I was watching (yet again) the John Wayne western El Dorado. It looks amazing on the 75-inch 4K screen. In fact so amazing that I noticed something that had escaped me before. Leigh Brackett wrote the screenplay. I’ve written about the gifted, prolific Leigh Brackett before. People know she worked on Star Wars:The Empire Strikes Back. And The Big Sleep screenplay. And wrote terrific ERB-inspired planetary romances. She’s enshrined in the Appendix N pantheon. So she had multiple-genre chops. A western, then, should come as no surprise.
It didn’t, in fact, come as a surprise, except as a pleasant one. Watching El Dorado, it is clear that Brackett has an intuitive grasp of (once and, I hope, future) American masculinity. She gets the archetypes. Her dialogue is snappy, moves the plot along, and builds nice little character portraits. It might seem strange that the same fingers typed scenes for John Wayne’s Cole Thornton as for Matt Carse in The Sword of Rhiannon. But after all, is there much difference between Cole Thornton stalking the darkened streets of El Dorado, tracking his quarry to a saloon and Carse being tracked through the Martian streets of Jekkara. The sentence “His gun hand swung loose and ready for action” could apply to either man.

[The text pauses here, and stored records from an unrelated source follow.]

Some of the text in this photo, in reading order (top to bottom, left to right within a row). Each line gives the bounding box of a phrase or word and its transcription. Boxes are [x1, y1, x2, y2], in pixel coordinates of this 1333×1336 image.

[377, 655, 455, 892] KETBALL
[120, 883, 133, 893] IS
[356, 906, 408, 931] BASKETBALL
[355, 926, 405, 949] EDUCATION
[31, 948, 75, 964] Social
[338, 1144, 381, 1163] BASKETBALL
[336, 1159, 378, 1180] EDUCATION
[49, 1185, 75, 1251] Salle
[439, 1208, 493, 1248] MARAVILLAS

So give the flick a re-watch sometime and keep the screenwriter in mind. (Also, Robert Mitchum’s performance is excellent. The whole cast is good, but keep an eye on Mitchum, even if he’s only in the background.)

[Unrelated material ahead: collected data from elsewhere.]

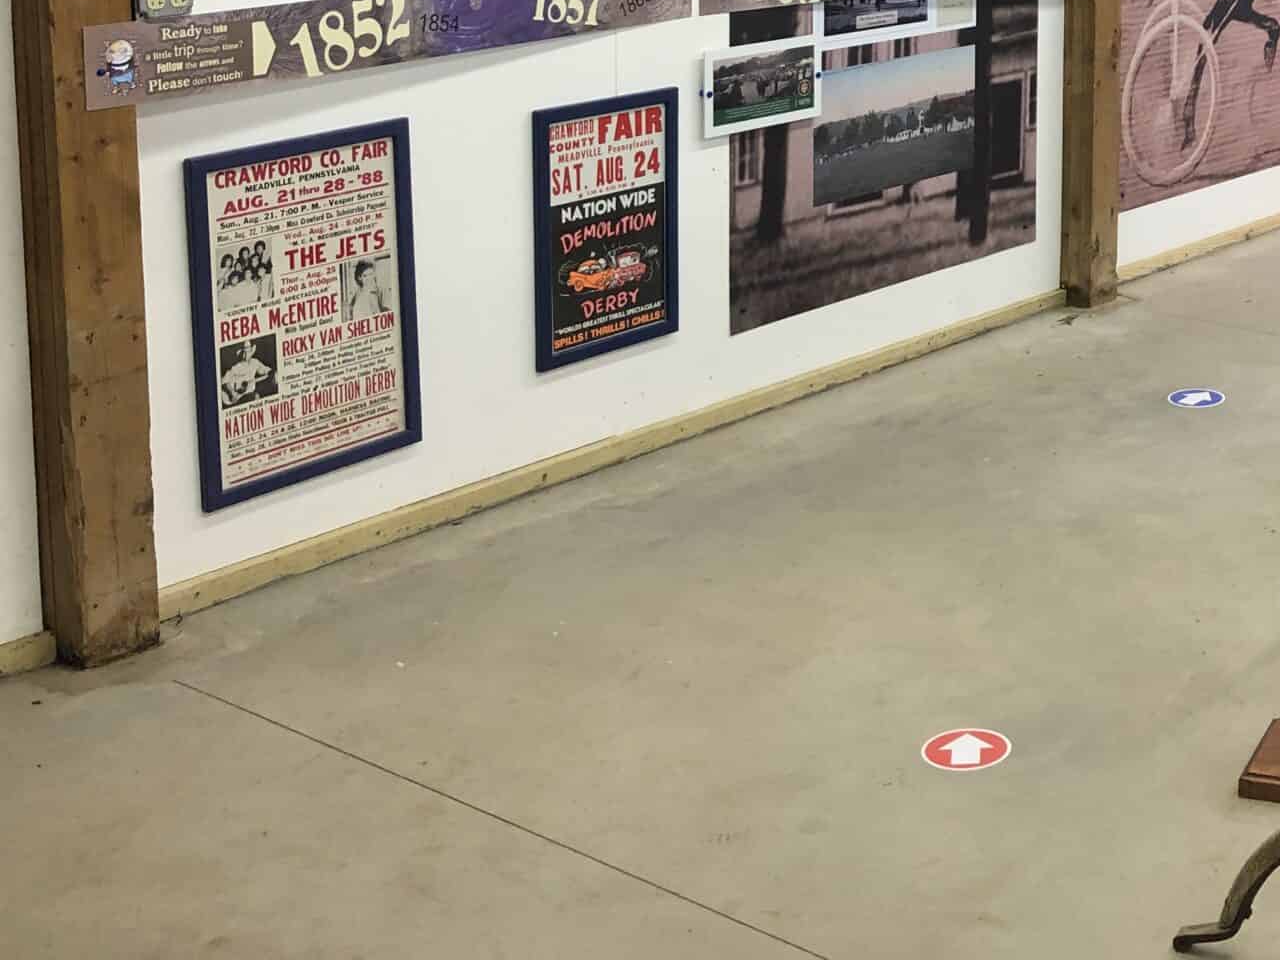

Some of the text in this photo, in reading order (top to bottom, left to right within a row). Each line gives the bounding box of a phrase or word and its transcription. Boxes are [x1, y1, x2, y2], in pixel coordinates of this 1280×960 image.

[161, 24, 202, 40] Ready
[203, 27, 212, 35] to
[420, 13, 460, 33] 1854
[152, 50, 173, 60] little
[174, 43, 195, 58] trip
[148, 77, 191, 93] Please
[192, 76, 212, 87] don't
[549, 118, 594, 141] CRAWFORD
[597, 106, 663, 145] FAIR
[549, 136, 594, 153] COUNTY
[558, 147, 601, 163] MEADVILLE
[214, 140, 388, 189] CRAWFORD CO. FAIR
[244, 164, 360, 194] MEADVILLE, PENNSYLVANIA
[551, 163, 588, 196] SAT.
[596, 156, 628, 187] AUG.
[634, 147, 660, 178] 24
[223, 170, 384, 215] AUG. 21 thru 28 '88
[561, 197, 617, 224] NATION
[619, 188, 656, 208] WIDE
[285, 229, 386, 270] THE JETS
[560, 211, 657, 255] DEMOLITION
[220, 316, 260, 343] REBA
[268, 292, 338, 330] McENTIRE
[581, 288, 639, 318] DERBY
[282, 333, 316, 357] RICKY
[320, 325, 342, 346] VAN
[347, 311, 395, 339] SHELTON
[553, 331, 589, 349] SPILLS!
[225, 409, 265, 440] NATION
[270, 400, 295, 424] WIDE
[301, 383, 360, 415] DEMOLITION
[365, 368, 397, 395] DERBY

I can’t claim Brackett’s skills, but if you’re in the mood for some contemporary fantasy adventure, check out the Semi-Autos and Sorcery series published by Aethon Books, beginning with Blood and Jade, moving on to Santa Anna’s Sword, then Obsidian Owl, and finally the recently released Silver and Bone. People with a sense of fun seem to like them. You might too.
With that distasteful business out of the way, on to Magnus Stoneslayer’s latest diary entry.
SAVAGE JOURNAL
ENTRY 36.
I have been around, dear diary. A bit of a genteel understatement there. More properly, I’ve traveled extensively, living a generally peripatetic existence. I’ve devoured the few maps I’ve had the opportunity to view. I’ve spent countless hours listening to the stories of every vagabond, caravan master, and inveterate wanderer to cross my path.
So I have a pretty good picture of the world and little strikes me as novel. And yet every time I set foot in a new land I feel a thrill of discovery, the same delighted anticipation I felt when, as a newly bearded youth, I first ventured from the untamed woods and patchy fields of my tribal homeland. It is a pleasure fundamental to my very sense of identity. If I were mired in ennui and no longer experienced that frisson of excitement upon exploring new territory there wouldn’t be much point in my remaining an itinerant savage warrior. I might as well stay put.
I have a fair notion of where I am. Rugged hills step down to a narrow, sparsely inhabited plain bordering on a vast inland sea. But that detached knowledge is no substitute for experience. I’m anxious to move on, garner that experience. For the nonce, hunger and the enervation suffered during my flight across the desert keep me pinned in place. I’m hunkered down in a cave now, roasting over a small fire a lean goat I’d trapped after a day of patient hunting. I’ll savor the strength-replenishing flesh just as I’m savoring my anticipation of the impending trek.
Tomorrow, dear diary, belly full and blood quickened, I tread new ground.